Saved entries:

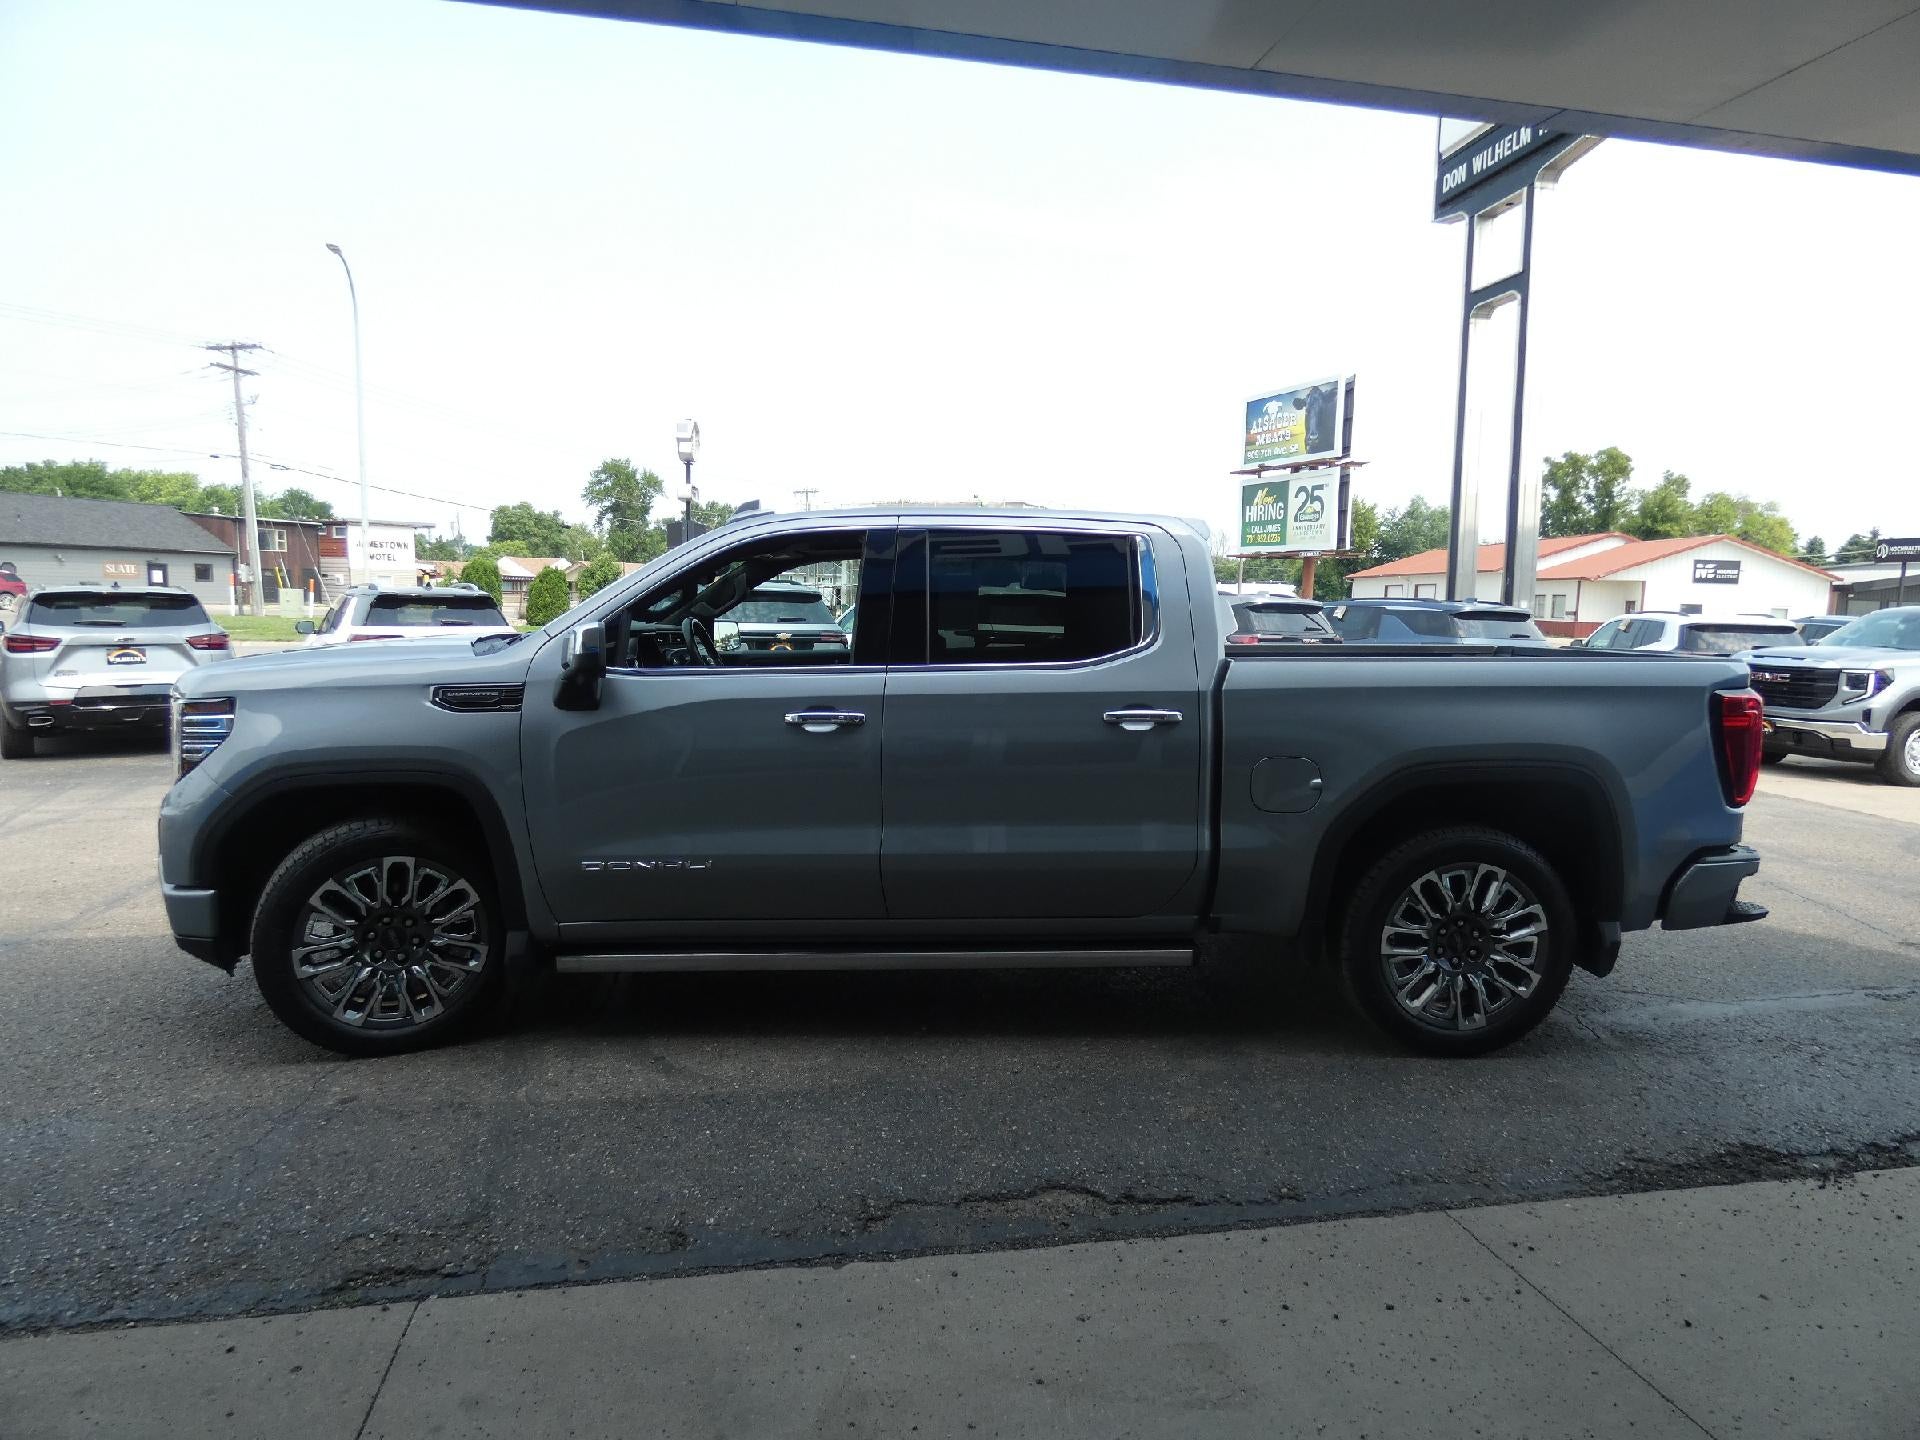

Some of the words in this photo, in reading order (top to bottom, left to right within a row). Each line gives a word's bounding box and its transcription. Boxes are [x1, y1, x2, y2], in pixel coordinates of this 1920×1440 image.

[1442, 162, 1467, 194] DON
[1472, 126, 1531, 174] WILHELM
[1294, 484, 1325, 522] 25
[1245, 502, 1284, 522] HIRING
[1252, 525, 1264, 534] CALL
[370, 553, 396, 561] MOTEL
[105, 564, 137, 573] SLATE
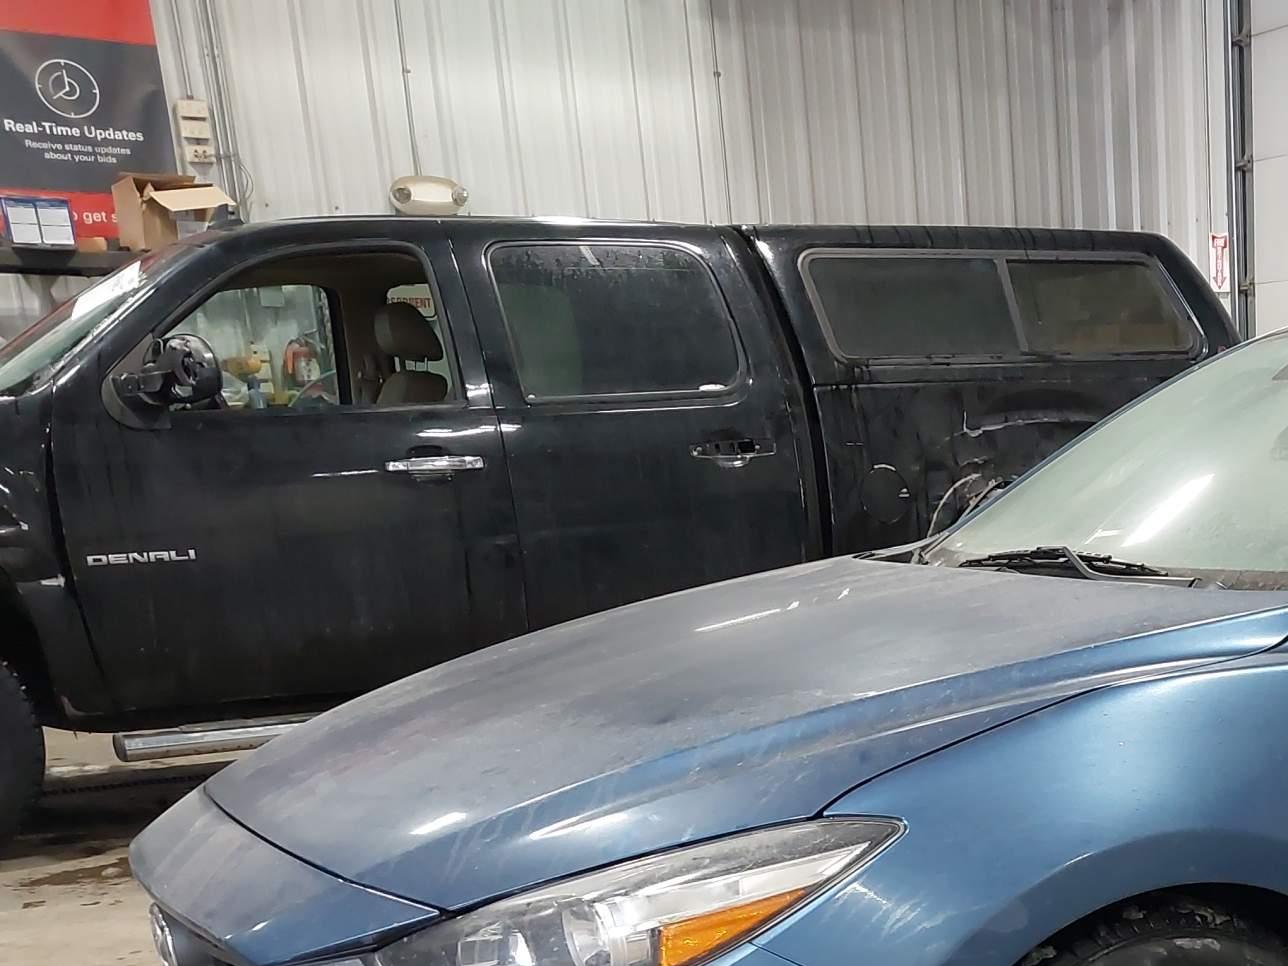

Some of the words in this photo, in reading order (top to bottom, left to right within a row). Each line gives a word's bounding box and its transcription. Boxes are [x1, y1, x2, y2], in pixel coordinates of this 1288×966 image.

[3, 118, 81, 137] Real-Time
[83, 125, 145, 142] Updates
[24, 138, 63, 151] Receive
[64, 142, 93, 153] status
[94, 145, 132, 155] updates
[44, 151, 72, 161] about
[73, 153, 96, 163] your
[96, 154, 118, 164] bids
[82, 210, 108, 225] get
[86, 548, 197, 567] DENALI

# Brief
Set down all of the entries exactly as they appear, but keep the images out.

# Written reply
Some of the words in this photo, in reading order (top to bottom, left to right within a row). Each line gives a word's bounding box and its transcription. Boxes are [x1, y1, x2, y2], in pixel coordinates of this 1920×1440 image.

[1442, 162, 1467, 194] DON
[1472, 126, 1531, 174] WILHELM
[1294, 484, 1325, 522] 25
[1245, 502, 1284, 522] HIRING
[1252, 525, 1264, 534] CALL
[370, 553, 396, 561] MOTEL
[105, 564, 137, 573] SLATE

Some of the words in this photo, in reading order (top to bottom, left to right within a row). Each line gives a word's bounding box and its transcription. Boxes are [x1, y1, x2, y2], in pixel coordinates of this 1288×966 image.

[3, 118, 81, 137] Real-Time
[83, 125, 145, 142] Updates
[24, 138, 63, 151] Receive
[64, 142, 93, 153] status
[94, 145, 132, 155] updates
[44, 151, 72, 161] about
[73, 153, 96, 163] your
[96, 154, 118, 164] bids
[82, 210, 108, 225] get
[86, 548, 197, 567] DENALI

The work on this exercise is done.